### GIVEN DATA
═══
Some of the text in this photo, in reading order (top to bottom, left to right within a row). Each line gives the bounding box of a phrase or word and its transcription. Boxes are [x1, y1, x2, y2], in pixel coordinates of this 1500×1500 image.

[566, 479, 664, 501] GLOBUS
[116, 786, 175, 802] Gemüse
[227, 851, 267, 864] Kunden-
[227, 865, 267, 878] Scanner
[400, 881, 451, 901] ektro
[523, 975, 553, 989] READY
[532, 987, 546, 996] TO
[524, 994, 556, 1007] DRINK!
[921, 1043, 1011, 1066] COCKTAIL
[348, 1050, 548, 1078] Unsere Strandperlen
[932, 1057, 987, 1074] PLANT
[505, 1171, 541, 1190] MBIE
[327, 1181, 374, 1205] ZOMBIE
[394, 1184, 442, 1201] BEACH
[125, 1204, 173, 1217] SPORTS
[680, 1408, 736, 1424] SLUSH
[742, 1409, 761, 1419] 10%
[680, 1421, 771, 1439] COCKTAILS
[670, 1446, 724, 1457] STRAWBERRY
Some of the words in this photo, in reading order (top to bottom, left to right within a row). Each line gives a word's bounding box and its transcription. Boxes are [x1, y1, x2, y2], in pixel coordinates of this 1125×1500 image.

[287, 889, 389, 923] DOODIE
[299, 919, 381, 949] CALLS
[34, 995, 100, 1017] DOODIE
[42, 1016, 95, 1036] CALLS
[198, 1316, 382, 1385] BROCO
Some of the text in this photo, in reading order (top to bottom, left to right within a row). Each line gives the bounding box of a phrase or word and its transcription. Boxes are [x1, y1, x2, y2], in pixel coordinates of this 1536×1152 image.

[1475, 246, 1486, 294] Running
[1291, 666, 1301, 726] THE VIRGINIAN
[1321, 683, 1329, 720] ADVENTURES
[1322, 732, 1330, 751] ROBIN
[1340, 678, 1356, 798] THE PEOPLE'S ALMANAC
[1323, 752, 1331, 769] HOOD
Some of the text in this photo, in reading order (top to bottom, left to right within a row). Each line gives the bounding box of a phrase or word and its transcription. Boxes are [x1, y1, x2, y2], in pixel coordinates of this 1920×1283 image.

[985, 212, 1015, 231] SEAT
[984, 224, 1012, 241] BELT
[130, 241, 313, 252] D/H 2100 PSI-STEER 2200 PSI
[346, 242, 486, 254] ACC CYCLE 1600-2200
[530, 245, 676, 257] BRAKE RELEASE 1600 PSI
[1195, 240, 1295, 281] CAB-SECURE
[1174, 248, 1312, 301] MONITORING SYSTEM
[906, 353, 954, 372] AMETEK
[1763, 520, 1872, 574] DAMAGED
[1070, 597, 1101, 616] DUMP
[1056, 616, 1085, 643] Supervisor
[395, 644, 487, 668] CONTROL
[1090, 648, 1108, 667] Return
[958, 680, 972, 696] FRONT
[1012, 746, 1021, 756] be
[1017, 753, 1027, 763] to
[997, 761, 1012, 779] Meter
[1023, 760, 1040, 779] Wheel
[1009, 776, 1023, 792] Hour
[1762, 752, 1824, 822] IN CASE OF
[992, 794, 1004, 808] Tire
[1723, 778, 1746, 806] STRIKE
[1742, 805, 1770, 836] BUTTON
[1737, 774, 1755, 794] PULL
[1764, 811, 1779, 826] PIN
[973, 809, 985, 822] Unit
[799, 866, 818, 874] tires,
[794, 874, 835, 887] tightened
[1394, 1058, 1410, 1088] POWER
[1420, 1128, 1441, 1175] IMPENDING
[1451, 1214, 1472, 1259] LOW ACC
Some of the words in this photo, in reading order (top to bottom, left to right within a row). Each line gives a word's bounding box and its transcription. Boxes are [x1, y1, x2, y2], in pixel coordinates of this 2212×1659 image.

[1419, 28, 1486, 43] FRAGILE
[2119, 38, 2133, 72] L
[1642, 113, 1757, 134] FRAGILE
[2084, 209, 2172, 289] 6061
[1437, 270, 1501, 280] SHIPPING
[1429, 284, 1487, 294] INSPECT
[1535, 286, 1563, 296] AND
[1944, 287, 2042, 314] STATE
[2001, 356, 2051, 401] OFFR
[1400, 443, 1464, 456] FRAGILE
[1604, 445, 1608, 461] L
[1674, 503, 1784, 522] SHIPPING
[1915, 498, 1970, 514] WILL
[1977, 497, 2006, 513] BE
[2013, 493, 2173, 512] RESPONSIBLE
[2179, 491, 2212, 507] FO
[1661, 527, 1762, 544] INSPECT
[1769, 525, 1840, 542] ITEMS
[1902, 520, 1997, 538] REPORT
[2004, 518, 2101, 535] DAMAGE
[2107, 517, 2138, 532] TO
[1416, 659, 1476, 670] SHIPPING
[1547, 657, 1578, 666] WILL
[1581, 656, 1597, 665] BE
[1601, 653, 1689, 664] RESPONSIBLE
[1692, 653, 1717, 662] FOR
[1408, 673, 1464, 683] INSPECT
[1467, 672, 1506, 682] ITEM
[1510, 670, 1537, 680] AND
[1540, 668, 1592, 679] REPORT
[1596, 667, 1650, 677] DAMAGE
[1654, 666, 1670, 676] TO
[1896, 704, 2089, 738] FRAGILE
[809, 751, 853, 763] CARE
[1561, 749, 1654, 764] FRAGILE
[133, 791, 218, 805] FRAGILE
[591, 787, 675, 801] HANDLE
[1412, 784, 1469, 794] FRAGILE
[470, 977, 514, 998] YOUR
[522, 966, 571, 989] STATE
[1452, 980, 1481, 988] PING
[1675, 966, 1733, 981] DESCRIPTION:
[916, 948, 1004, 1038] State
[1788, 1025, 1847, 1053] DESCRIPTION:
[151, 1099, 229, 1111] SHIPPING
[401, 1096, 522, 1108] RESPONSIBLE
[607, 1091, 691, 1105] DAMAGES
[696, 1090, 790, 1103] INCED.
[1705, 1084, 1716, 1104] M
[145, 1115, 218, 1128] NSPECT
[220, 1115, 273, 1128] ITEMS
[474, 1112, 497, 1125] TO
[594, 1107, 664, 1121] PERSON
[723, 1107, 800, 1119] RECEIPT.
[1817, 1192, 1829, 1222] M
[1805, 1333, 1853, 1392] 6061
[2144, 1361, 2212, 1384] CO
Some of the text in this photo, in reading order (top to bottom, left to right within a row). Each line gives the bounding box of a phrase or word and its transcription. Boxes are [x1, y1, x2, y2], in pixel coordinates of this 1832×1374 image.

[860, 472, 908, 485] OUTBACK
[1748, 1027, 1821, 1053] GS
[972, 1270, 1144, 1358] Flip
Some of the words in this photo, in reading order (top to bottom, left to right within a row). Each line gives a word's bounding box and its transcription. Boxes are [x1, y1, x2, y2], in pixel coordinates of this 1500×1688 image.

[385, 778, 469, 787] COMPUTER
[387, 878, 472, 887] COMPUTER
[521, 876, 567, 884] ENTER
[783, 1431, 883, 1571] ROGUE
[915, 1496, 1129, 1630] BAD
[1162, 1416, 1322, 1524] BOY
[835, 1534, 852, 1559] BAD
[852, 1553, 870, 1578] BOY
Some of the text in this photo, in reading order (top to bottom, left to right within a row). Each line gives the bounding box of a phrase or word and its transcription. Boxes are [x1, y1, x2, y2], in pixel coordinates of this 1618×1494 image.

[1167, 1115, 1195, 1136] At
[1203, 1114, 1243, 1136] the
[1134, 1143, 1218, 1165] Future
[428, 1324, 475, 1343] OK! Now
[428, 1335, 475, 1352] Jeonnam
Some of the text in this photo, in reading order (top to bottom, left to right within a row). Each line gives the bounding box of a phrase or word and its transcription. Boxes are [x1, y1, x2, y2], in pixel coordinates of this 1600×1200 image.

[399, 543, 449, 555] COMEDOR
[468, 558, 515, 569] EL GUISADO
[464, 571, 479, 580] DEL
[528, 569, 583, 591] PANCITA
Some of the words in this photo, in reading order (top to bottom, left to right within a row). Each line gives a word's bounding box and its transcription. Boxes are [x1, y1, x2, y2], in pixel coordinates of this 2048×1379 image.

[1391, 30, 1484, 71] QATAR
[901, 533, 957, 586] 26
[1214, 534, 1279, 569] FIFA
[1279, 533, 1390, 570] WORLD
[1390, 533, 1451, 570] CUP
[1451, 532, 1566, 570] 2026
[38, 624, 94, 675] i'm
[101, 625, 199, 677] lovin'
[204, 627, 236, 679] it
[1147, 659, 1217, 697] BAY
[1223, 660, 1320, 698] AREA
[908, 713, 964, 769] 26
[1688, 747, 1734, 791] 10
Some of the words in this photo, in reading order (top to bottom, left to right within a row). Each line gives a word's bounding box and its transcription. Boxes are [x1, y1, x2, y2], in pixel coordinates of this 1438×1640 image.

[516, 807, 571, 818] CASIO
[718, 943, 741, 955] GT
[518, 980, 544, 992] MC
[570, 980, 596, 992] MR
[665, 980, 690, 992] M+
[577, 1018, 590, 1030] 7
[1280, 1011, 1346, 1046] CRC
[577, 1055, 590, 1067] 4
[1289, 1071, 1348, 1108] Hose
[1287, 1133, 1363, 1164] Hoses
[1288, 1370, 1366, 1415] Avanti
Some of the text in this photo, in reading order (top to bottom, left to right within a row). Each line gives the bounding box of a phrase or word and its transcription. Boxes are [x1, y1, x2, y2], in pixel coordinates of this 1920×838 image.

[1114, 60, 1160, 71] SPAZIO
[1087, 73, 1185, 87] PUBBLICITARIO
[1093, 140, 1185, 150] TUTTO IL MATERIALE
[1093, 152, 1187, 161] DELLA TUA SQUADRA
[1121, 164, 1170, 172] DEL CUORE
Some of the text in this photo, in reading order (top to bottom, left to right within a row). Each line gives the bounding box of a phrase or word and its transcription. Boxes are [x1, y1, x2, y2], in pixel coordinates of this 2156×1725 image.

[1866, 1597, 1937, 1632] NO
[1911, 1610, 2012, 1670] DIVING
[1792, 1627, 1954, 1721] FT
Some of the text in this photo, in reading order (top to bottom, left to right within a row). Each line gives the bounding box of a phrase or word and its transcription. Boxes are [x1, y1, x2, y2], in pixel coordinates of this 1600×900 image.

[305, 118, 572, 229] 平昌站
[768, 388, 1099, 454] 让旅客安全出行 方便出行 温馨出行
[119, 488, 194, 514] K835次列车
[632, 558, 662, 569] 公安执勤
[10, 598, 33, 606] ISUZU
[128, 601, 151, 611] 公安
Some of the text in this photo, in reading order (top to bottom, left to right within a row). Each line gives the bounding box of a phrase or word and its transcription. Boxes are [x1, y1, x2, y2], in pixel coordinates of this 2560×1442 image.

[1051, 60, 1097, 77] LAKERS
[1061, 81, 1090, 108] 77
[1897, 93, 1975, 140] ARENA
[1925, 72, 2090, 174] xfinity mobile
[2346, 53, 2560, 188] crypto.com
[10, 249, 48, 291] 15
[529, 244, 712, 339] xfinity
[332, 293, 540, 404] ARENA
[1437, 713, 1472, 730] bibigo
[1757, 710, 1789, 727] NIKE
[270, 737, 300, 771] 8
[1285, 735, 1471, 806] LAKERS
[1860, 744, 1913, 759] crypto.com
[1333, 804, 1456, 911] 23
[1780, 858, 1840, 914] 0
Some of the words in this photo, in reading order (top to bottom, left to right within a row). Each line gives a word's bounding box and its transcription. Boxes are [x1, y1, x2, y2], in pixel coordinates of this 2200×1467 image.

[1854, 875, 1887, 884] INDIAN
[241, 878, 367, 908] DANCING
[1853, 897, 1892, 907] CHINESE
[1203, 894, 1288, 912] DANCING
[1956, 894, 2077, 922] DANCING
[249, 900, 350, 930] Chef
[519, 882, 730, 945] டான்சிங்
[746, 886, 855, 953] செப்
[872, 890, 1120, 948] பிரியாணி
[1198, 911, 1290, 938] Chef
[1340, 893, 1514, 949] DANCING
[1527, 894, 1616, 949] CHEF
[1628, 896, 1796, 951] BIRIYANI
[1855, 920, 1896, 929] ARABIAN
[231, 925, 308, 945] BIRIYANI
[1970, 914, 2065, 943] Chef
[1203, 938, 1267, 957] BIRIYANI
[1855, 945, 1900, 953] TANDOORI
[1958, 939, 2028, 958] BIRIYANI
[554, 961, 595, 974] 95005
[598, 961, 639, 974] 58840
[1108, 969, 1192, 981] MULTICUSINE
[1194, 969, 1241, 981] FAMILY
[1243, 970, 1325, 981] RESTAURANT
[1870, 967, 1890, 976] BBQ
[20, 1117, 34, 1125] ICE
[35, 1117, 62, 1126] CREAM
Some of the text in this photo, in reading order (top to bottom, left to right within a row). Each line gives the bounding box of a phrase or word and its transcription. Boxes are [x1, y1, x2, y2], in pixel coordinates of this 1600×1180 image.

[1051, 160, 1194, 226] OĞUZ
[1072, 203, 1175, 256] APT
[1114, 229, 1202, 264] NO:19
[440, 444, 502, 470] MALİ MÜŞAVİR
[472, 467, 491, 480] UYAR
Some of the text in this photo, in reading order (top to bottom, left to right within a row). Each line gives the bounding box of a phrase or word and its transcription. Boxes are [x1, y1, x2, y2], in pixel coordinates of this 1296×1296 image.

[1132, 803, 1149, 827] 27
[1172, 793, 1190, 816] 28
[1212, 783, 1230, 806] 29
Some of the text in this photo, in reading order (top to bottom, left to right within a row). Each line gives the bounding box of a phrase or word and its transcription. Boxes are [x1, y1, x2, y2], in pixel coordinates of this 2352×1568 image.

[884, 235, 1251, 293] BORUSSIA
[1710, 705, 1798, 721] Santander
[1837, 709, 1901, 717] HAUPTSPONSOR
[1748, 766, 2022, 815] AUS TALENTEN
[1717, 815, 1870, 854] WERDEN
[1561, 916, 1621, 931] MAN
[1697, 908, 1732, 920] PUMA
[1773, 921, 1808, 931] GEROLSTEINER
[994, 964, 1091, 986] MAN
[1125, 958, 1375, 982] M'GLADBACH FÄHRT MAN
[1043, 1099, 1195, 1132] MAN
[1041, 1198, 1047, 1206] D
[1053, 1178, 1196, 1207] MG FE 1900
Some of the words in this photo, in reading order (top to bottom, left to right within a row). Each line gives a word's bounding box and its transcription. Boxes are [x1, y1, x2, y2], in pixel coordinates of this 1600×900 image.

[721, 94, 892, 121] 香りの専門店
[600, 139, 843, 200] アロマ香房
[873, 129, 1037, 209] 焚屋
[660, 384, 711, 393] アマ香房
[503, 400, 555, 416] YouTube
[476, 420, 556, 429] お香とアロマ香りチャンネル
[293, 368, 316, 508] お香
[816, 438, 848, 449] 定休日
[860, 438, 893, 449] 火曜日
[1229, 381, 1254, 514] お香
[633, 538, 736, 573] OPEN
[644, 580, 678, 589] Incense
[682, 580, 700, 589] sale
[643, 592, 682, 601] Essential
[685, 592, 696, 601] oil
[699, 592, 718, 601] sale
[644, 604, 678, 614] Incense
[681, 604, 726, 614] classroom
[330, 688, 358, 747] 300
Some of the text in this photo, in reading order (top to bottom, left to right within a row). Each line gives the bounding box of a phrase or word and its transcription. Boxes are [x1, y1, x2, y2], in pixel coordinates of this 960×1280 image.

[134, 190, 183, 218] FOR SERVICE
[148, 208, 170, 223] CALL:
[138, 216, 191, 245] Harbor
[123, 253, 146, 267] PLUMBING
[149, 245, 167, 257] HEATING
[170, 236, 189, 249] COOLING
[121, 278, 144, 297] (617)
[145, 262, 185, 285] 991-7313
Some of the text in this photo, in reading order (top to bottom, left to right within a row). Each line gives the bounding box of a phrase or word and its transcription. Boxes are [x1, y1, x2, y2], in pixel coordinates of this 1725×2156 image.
═══
### WHAT YOU SHOULD DO
Set down exactly the line that holds "this 960×1280 image." and all lines after it to the end of the data.

### OUTPUT BELOW
Some of the text in this photo, in reading order (top to bottom, left to right within a row). Each line gives the bounding box of a phrase or word and its transcription. Boxes are [x1, y1, x2, y2], in pixel coordinates of this 960×1280 image.

[134, 190, 183, 218] FOR SERVICE
[148, 208, 170, 223] CALL:
[138, 216, 191, 245] Harbor
[123, 253, 146, 267] PLUMBING
[149, 245, 167, 257] HEATING
[170, 236, 189, 249] COOLING
[121, 278, 144, 297] (617)
[145, 262, 185, 285] 991-7313
Some of the text in this photo, in reading order (top to bottom, left to right within a row). Each line gives the bounding box of a phrase or word and its transcription. Boxes are [x1, y1, x2, y2], in pixel coordinates of this 1725×2156 image.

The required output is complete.